THE PROBLEM:
Could the listing below be returned exactly, with its pictures left out?
───
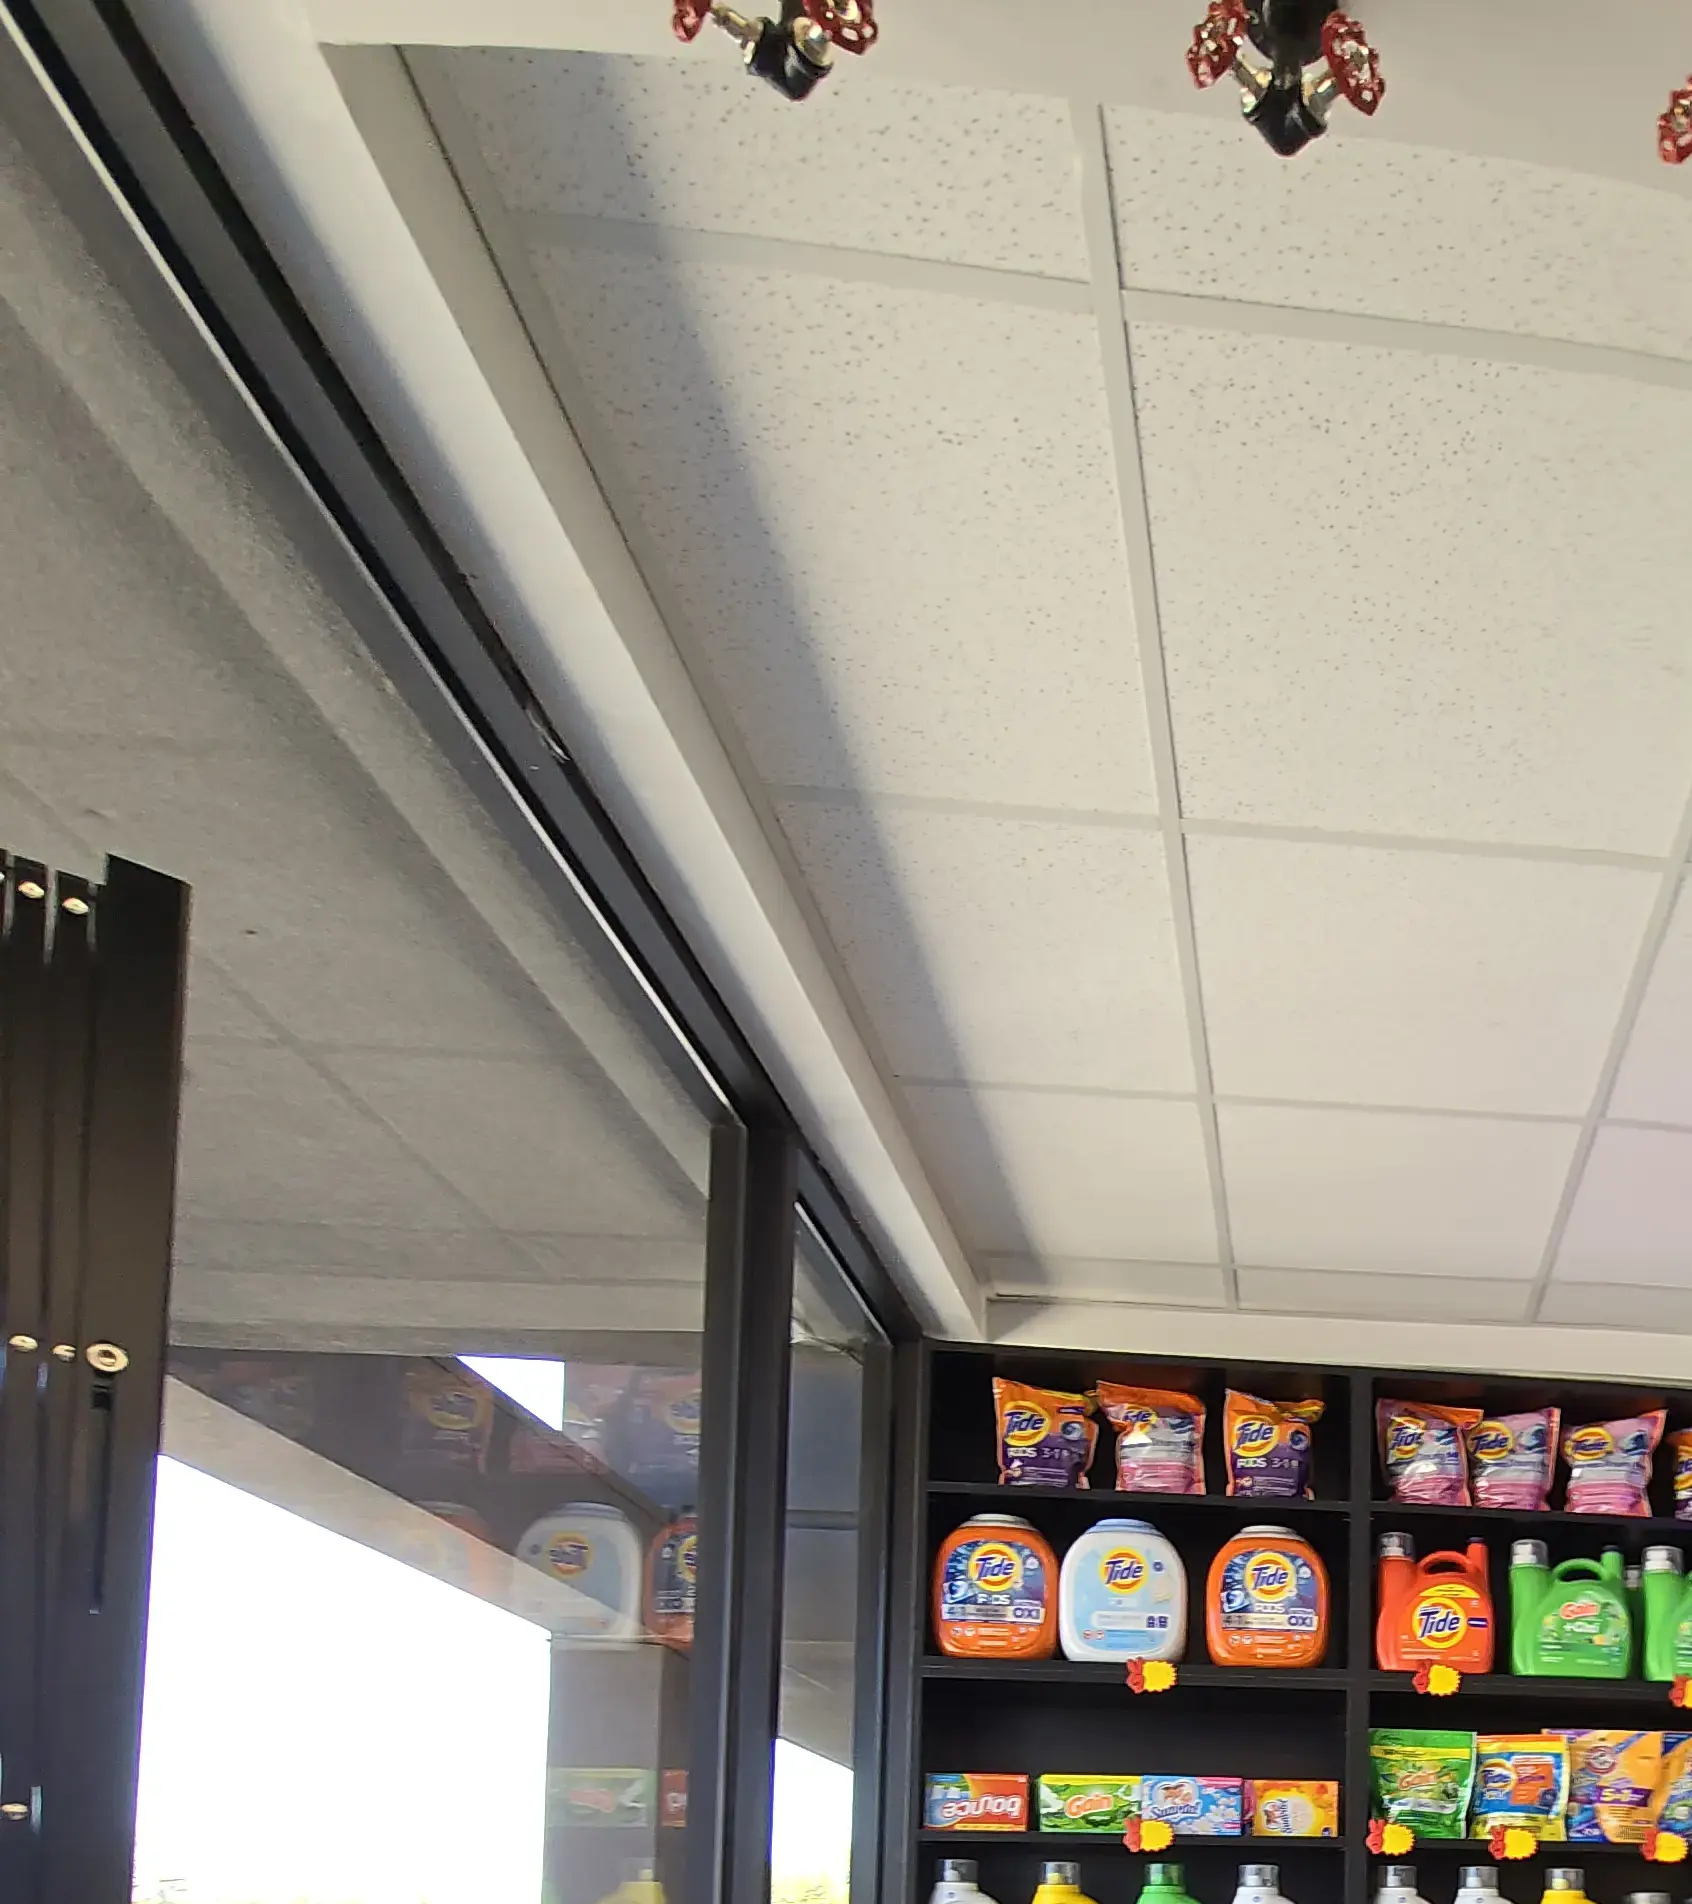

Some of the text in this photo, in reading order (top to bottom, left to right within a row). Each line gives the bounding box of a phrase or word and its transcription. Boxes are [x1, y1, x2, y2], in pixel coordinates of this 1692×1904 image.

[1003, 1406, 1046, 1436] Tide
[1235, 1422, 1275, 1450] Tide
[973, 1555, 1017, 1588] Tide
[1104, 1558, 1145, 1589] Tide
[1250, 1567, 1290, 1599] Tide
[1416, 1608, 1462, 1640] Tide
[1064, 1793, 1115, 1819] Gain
───
RESPONSE TO THE TASK:
Some of the text in this photo, in reading order (top to bottom, left to right within a row). Each line gives the bounding box of a phrase or word and its transcription. Boxes are [x1, y1, x2, y2], in pixel coordinates of this 1692×1904 image.

[1003, 1406, 1046, 1436] Tide
[1235, 1422, 1275, 1450] Tide
[973, 1555, 1017, 1588] Tide
[1104, 1558, 1145, 1589] Tide
[1250, 1567, 1290, 1599] Tide
[1416, 1608, 1462, 1640] Tide
[1064, 1793, 1115, 1819] Gain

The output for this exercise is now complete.